While her treatment has been a success, treating eating disorders challenges many doctors.

"A big part of this illness is denial," Walsh said. "The illness itself interferes with its own treatment. Once it's established, it becomes a habit with strong staying power."

Often when patients start to regain weight old habits kick in, and they abandon treatment. Walsh said this is why it's difficult to study anorexia nervosa -- it's hard to keep patients actively engaged in studies designed to help them keep their weight up.

May Help Some Sufferers

And while he and the other study authors state they believe this is "the largest controlled medication trial conducted to date on anorexia nervosa," more than half the women dropped out before the end of the study.

The study included 93 women in New York and Toronto between the ages of 16 and 45, who had regained weight as a result of being treated for their anorexia nervosa.
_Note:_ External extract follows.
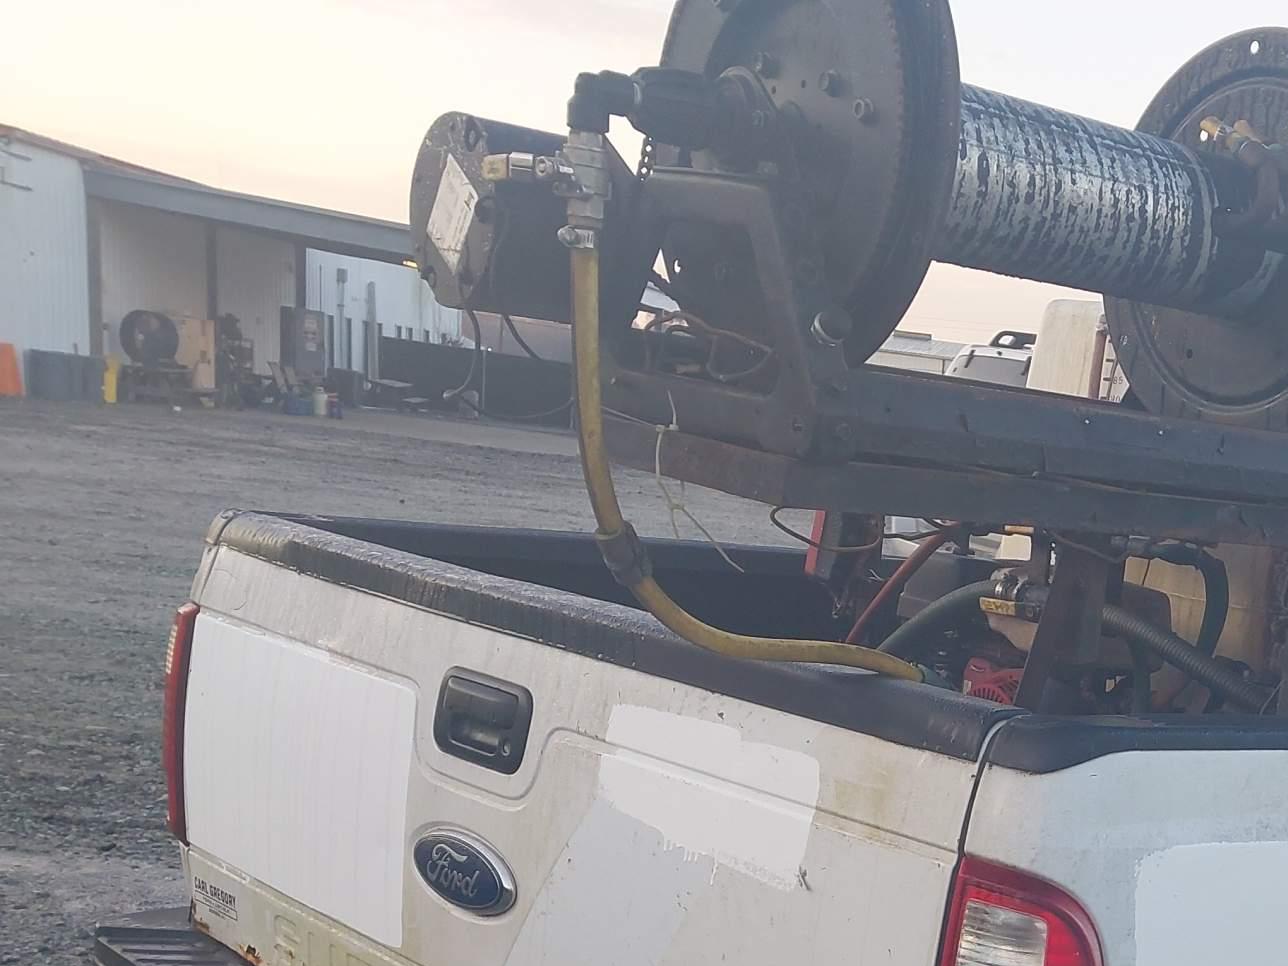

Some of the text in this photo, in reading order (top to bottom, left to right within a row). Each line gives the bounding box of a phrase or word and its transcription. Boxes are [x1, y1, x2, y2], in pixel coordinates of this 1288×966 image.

[426, 843, 480, 897] Ford
[194, 876, 209, 895] CARL
[209, 884, 236, 909] GREGORY
The goal was to see if over the course of one year fluoxetine could prevent them from relapsing and losing the weight. In addition to receiving either the study medication or the placebo, all study participants also received a form of psychotherapy -- cognitive behavioral therapy.

While the results were disappointing, Prozac may not be entirely useless for treating eating disorders.

"Studies always look at groups of patients, not individuals, to determine if on average there will be benefit to patients," he said, explaining that some patients may benefit from taking it, although, on average, Prozac was no better than the placebo for preventing anorexia nervosa.

And, regardless, antidepressant therapy is not meant to be used alone, said Dr. Mae Sokol, a pediatrician and psychiatrist at Creighton University and medical director of the eating disorders program at Children's Hospital in Omaha.

"Medicine is only an adjunct to the rest of treatment, including dietary management and psychotherapy. Hopefully, patients will discuss this [study] with their doctors and make decisions on an individual basis," she said.

Walsh agreed, saying "studies need to be interpreted by patients and their physicians on a case-by-case basis. There's a clinical rule that says if a patient is doing well, change nothing."

As for his patients, he said, "I would not add a medication [to their current therapy] because there is no evidence it works."